PROVIDED RECORDS:
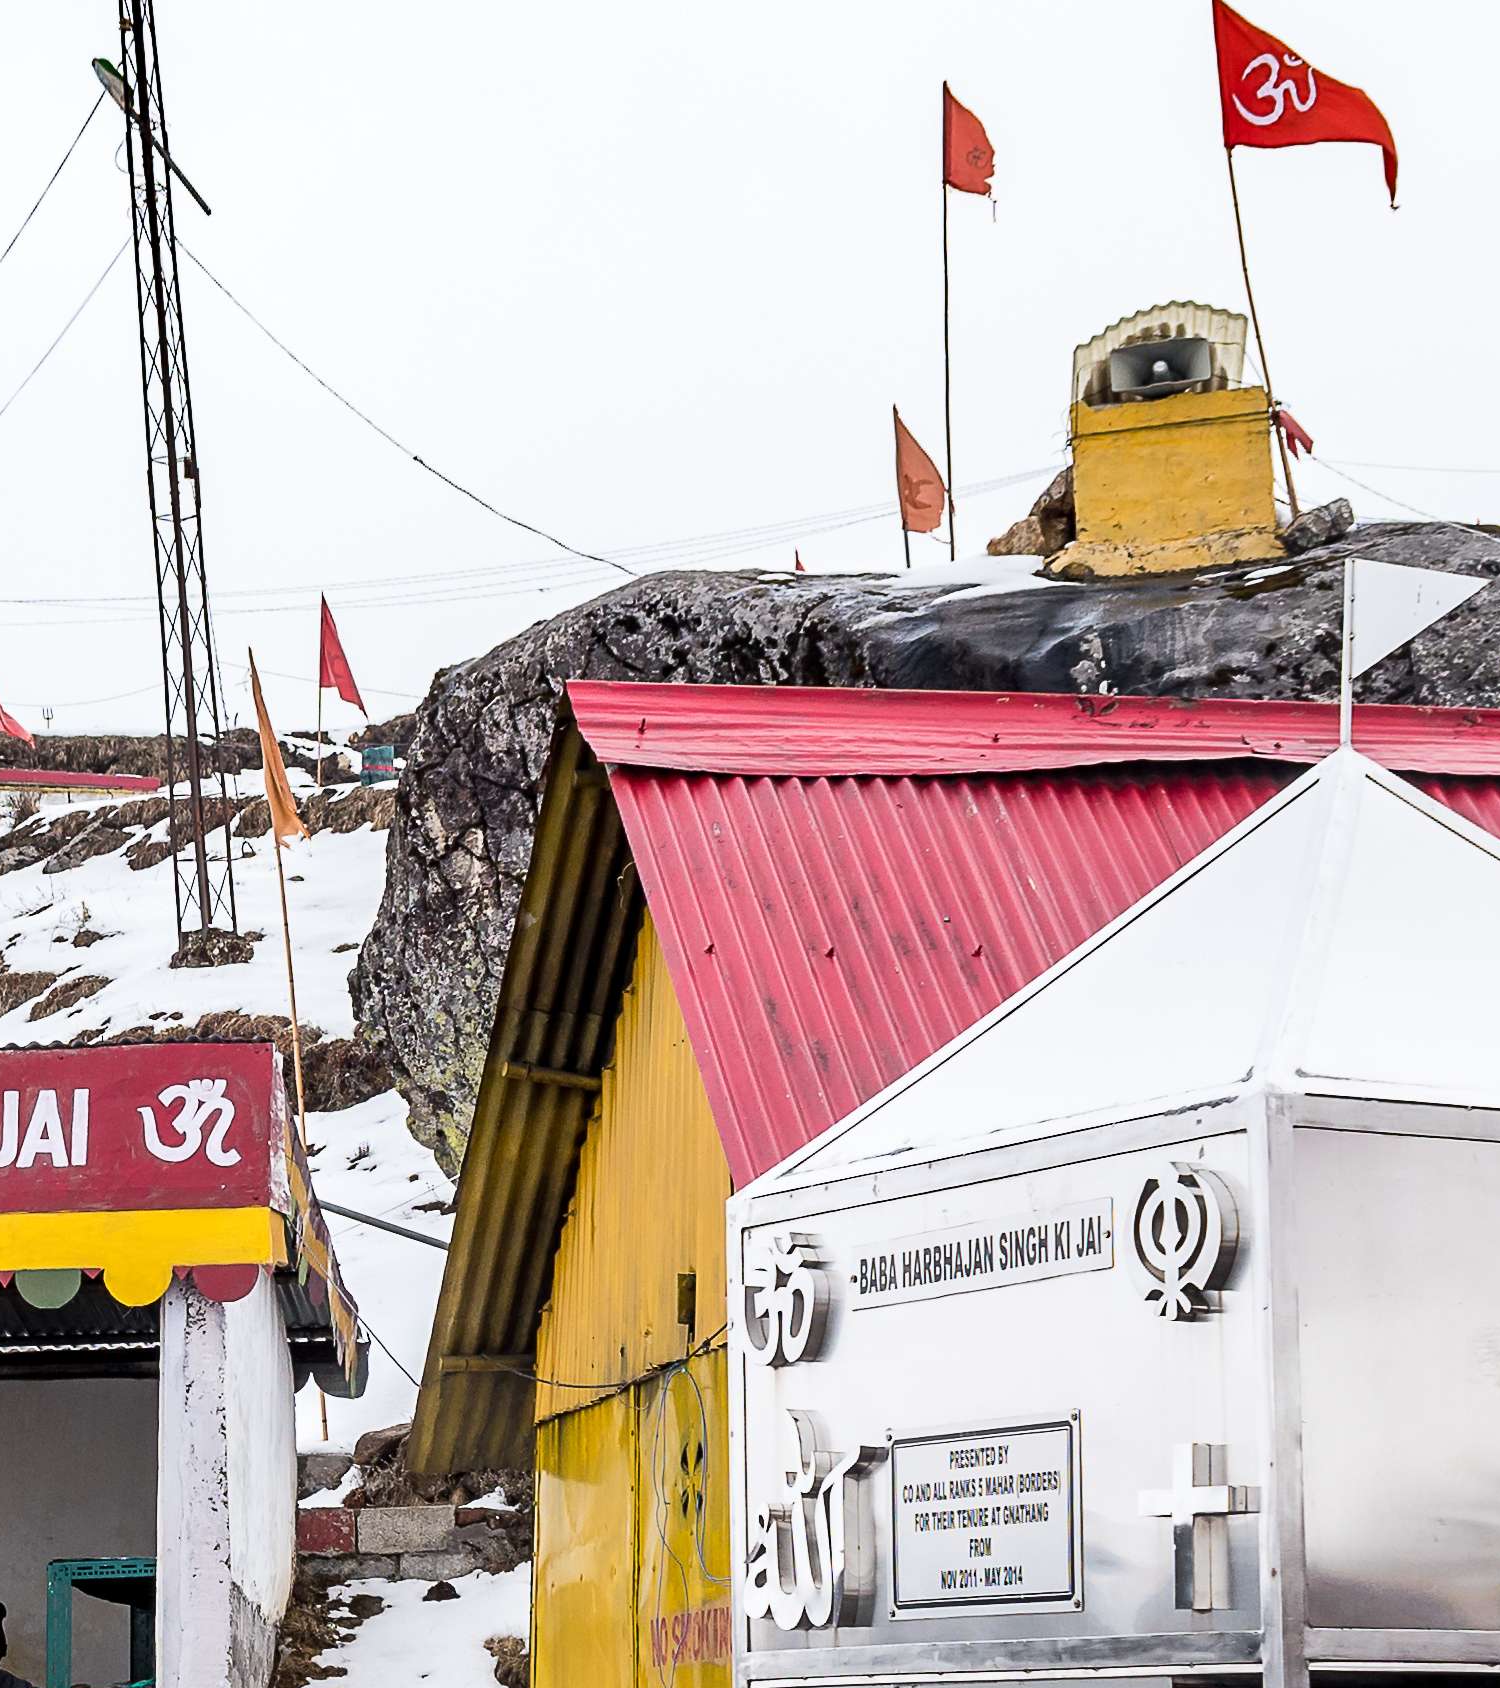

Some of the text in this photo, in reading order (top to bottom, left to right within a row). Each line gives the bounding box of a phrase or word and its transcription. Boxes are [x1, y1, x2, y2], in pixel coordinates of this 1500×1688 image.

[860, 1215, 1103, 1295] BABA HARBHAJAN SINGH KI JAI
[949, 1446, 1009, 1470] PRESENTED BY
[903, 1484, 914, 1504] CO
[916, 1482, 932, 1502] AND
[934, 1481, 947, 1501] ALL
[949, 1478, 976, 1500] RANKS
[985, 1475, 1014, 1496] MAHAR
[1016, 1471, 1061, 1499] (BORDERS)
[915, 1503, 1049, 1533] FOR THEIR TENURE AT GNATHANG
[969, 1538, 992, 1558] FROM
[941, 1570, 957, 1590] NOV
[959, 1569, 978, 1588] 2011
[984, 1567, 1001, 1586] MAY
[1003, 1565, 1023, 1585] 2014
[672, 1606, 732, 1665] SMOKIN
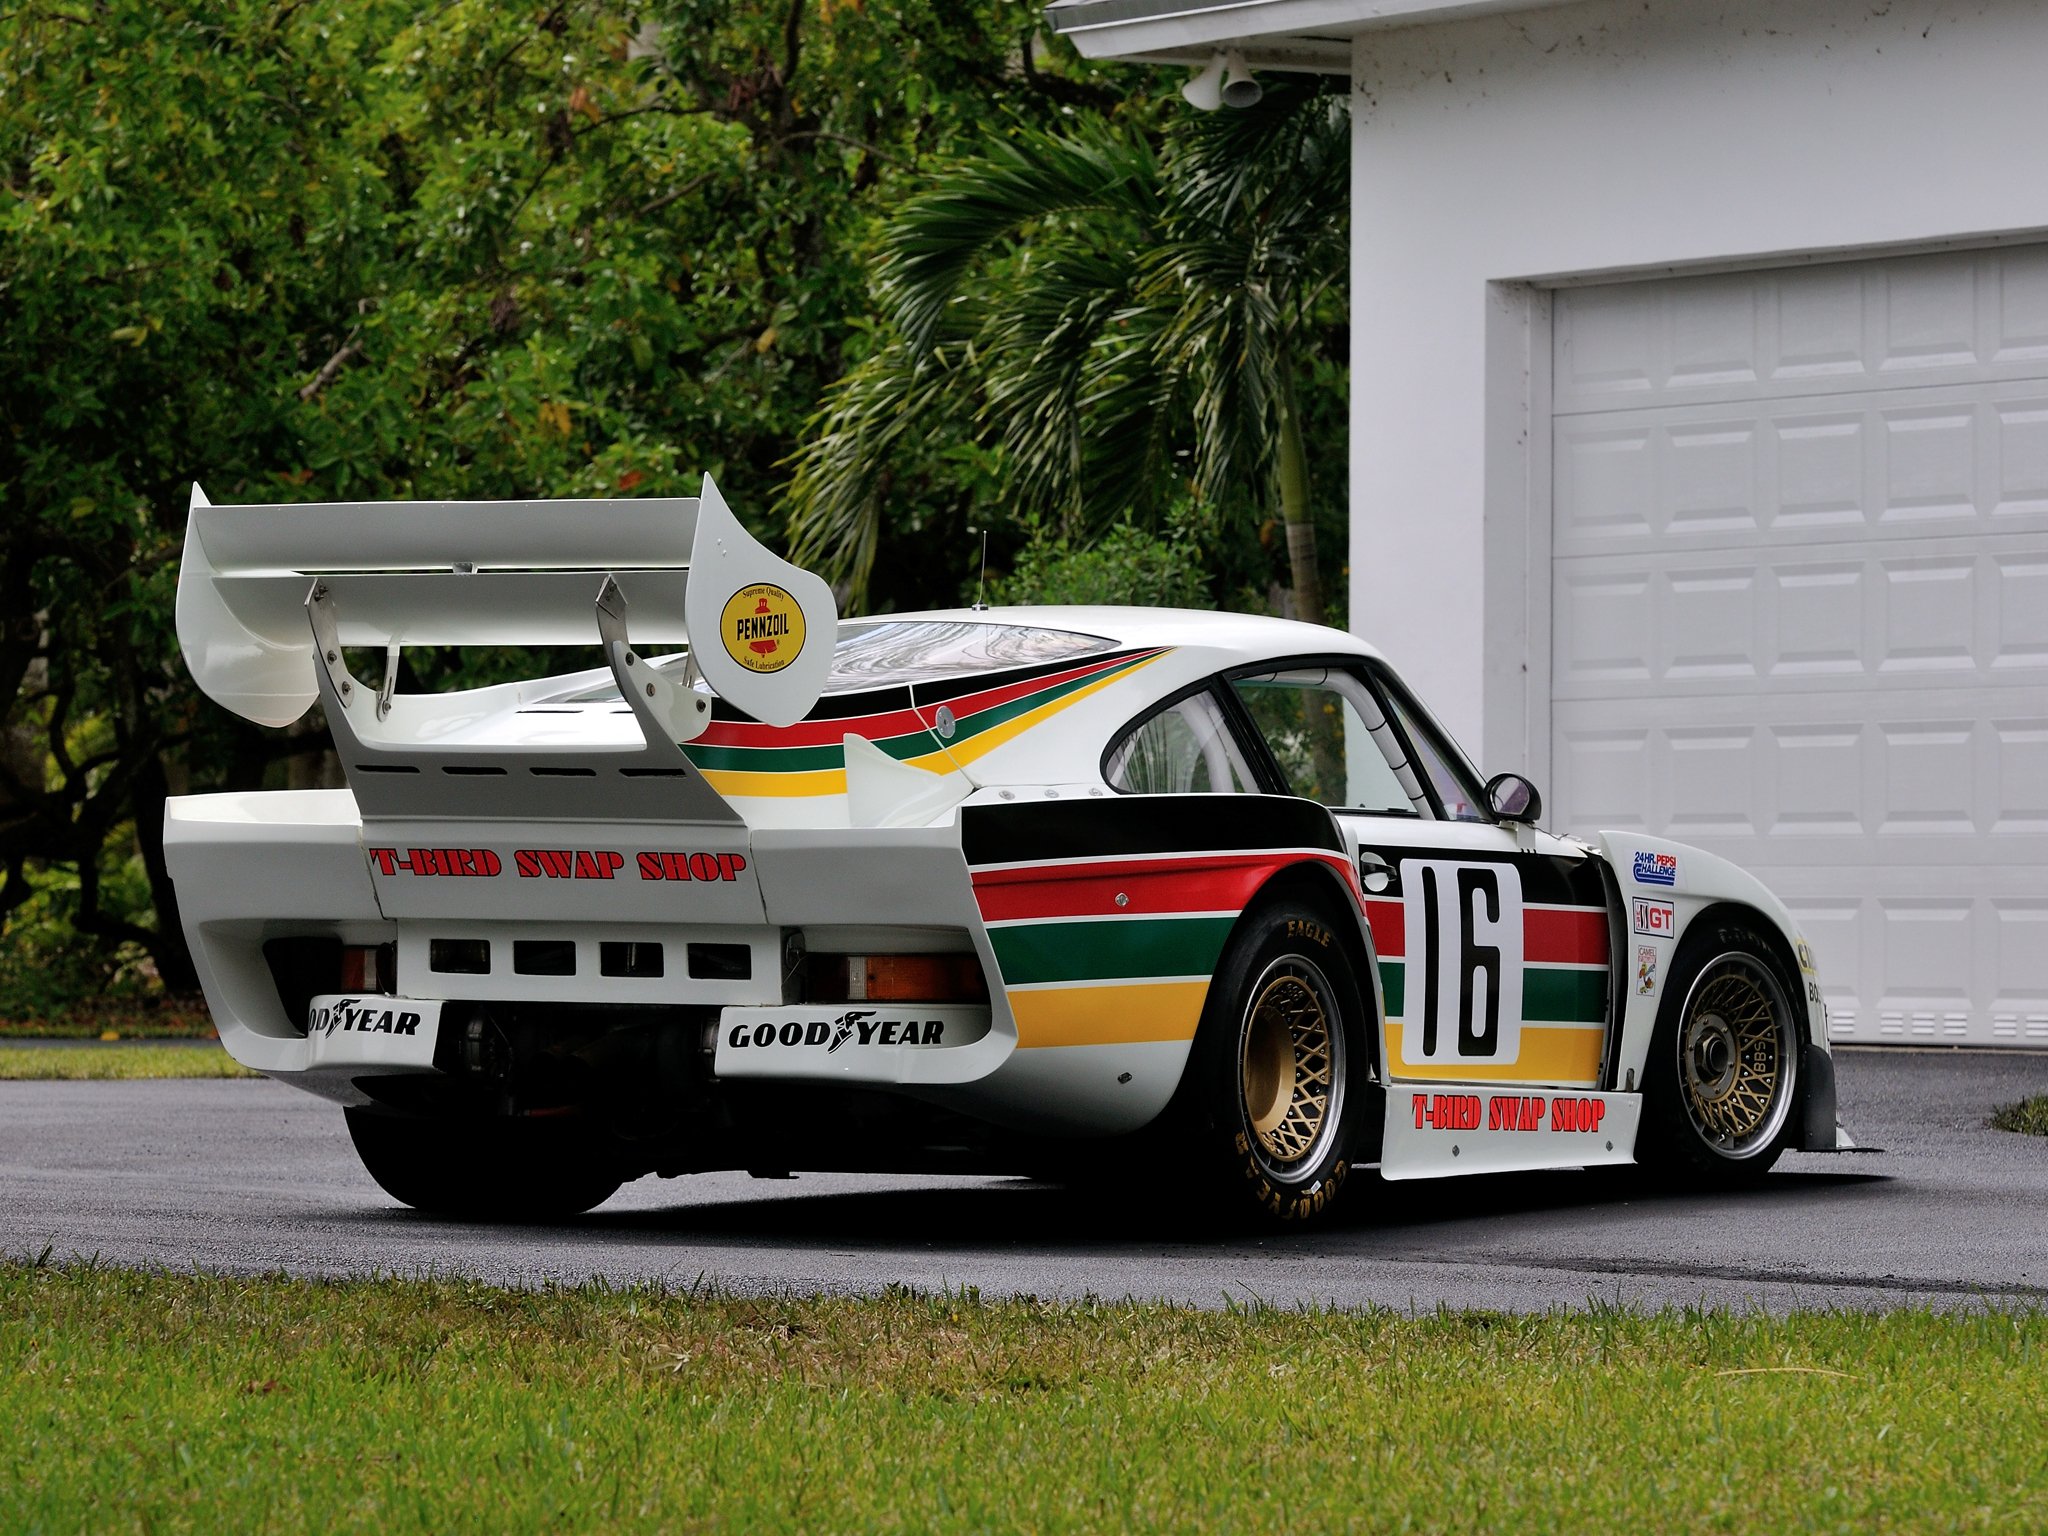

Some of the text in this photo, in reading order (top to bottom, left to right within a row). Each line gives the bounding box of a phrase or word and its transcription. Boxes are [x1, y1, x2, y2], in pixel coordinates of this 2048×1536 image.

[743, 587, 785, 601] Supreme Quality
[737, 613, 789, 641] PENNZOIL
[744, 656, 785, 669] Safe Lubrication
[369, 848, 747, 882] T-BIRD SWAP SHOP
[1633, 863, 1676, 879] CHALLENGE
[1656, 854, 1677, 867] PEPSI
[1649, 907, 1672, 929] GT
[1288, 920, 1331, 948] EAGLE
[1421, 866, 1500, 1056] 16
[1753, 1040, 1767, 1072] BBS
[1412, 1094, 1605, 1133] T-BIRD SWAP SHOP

INSTRUCTIONS TO FOLLOW: Every record above must be given again exactly; drop the pictures.

OUTPUT FOR THIS TASK:
Some of the text in this photo, in reading order (top to bottom, left to right within a row). Each line gives the bounding box of a phrase or word and its transcription. Boxes are [x1, y1, x2, y2], in pixel coordinates of this 1500×1688 image.

[860, 1215, 1103, 1295] BABA HARBHAJAN SINGH KI JAI
[949, 1446, 1009, 1470] PRESENTED BY
[903, 1484, 914, 1504] CO
[916, 1482, 932, 1502] AND
[934, 1481, 947, 1501] ALL
[949, 1478, 976, 1500] RANKS
[985, 1475, 1014, 1496] MAHAR
[1016, 1471, 1061, 1499] (BORDERS)
[915, 1503, 1049, 1533] FOR THEIR TENURE AT GNATHANG
[969, 1538, 992, 1558] FROM
[941, 1570, 957, 1590] NOV
[959, 1569, 978, 1588] 2011
[984, 1567, 1001, 1586] MAY
[1003, 1565, 1023, 1585] 2014
[672, 1606, 732, 1665] SMOKIN

Some of the text in this photo, in reading order (top to bottom, left to right within a row). Each line gives the bounding box of a phrase or word and its transcription. Boxes are [x1, y1, x2, y2], in pixel coordinates of this 2048×1536 image.

[743, 587, 785, 601] Supreme Quality
[737, 613, 789, 641] PENNZOIL
[744, 656, 785, 669] Safe Lubrication
[369, 848, 747, 882] T-BIRD SWAP SHOP
[1633, 863, 1676, 879] CHALLENGE
[1656, 854, 1677, 867] PEPSI
[1649, 907, 1672, 929] GT
[1288, 920, 1331, 948] EAGLE
[1421, 866, 1500, 1056] 16
[1753, 1040, 1767, 1072] BBS
[1412, 1094, 1605, 1133] T-BIRD SWAP SHOP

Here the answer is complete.